▸ **Exercise instructions**
Transcribe each record exactly. Omit the pictures.

▸ **Exercise data**
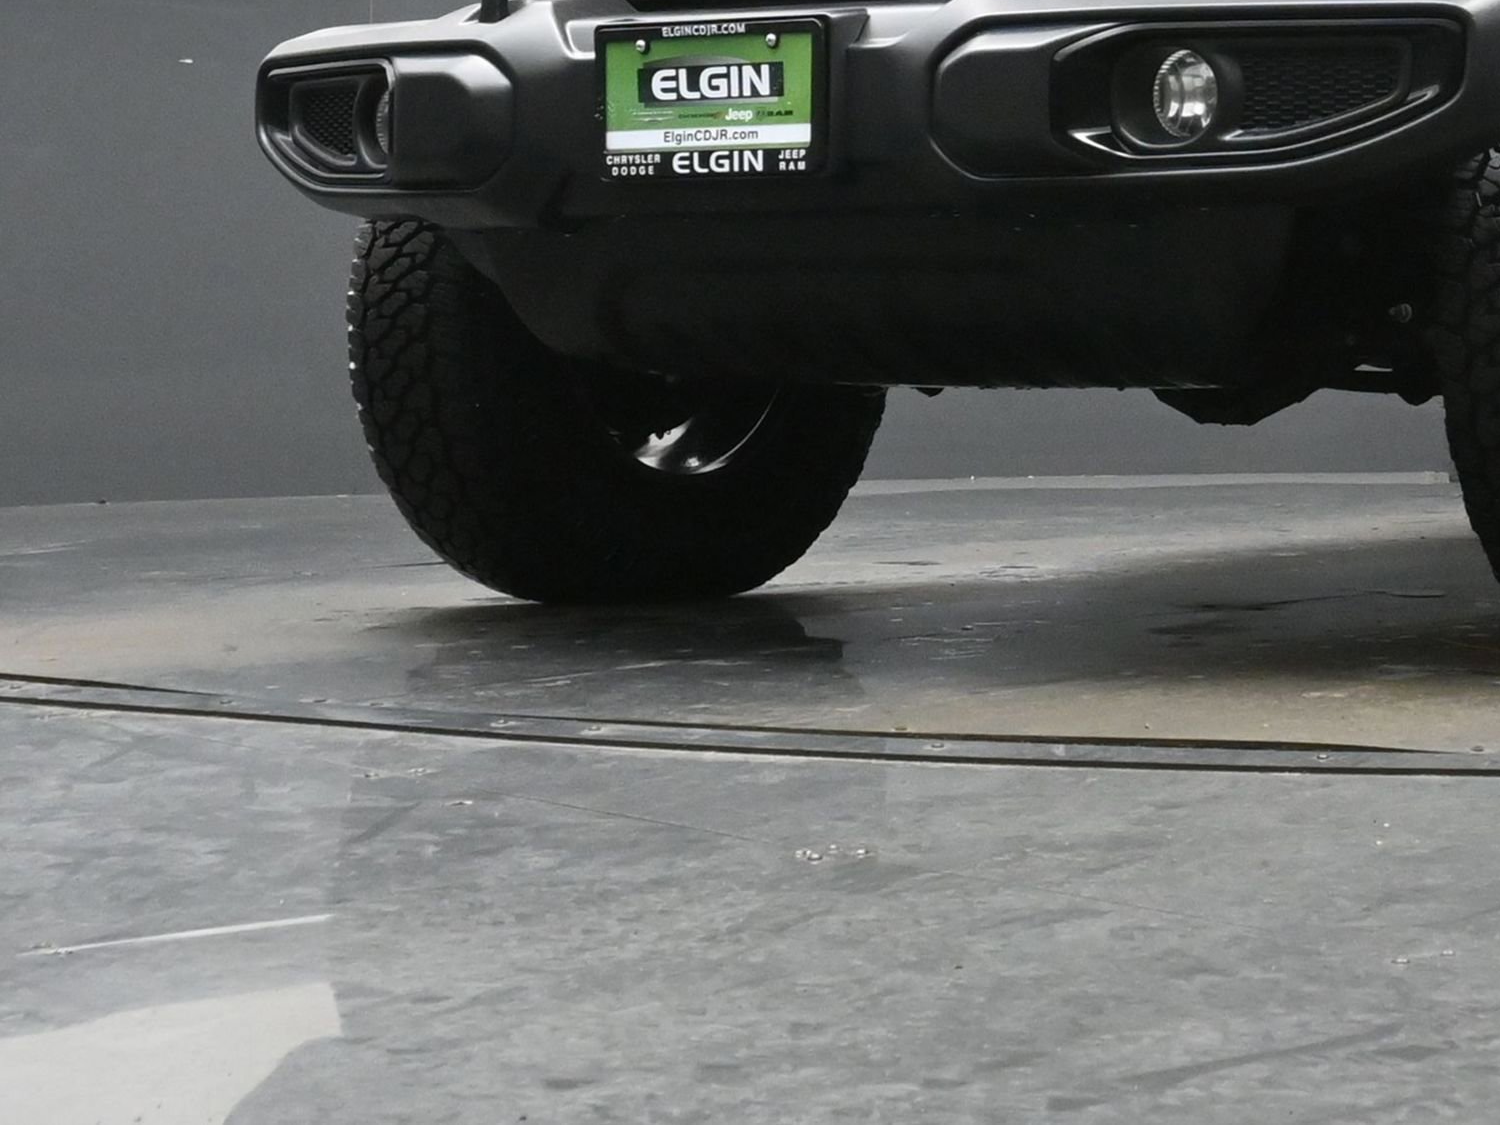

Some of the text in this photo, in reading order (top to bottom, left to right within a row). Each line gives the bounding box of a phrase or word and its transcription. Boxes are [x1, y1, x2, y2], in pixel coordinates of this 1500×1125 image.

[661, 23, 746, 38] ELGINCDJR.COM
[651, 64, 770, 101] ELGIN
[725, 108, 753, 122] Jeep
[663, 128, 759, 146] ElginCDJR.com
[606, 154, 661, 166] CHRYSLER
[672, 150, 764, 174] ELGIN
[778, 150, 806, 160] JEEP
[611, 166, 655, 176] DODGE
[779, 161, 806, 171] RAM

▸ **Answer space**
Some of the text in this photo, in reading order (top to bottom, left to right within a row). Each line gives the bounding box of a phrase or word and its transcription. Boxes are [x1, y1, x2, y2], in pixel coordinates of this 1500×1125 image.

[661, 23, 746, 38] ELGINCDJR.COM
[651, 64, 770, 101] ELGIN
[725, 108, 753, 122] Jeep
[663, 128, 759, 146] ElginCDJR.com
[606, 154, 661, 166] CHRYSLER
[672, 150, 764, 174] ELGIN
[778, 150, 806, 160] JEEP
[611, 166, 655, 176] DODGE
[779, 161, 806, 171] RAM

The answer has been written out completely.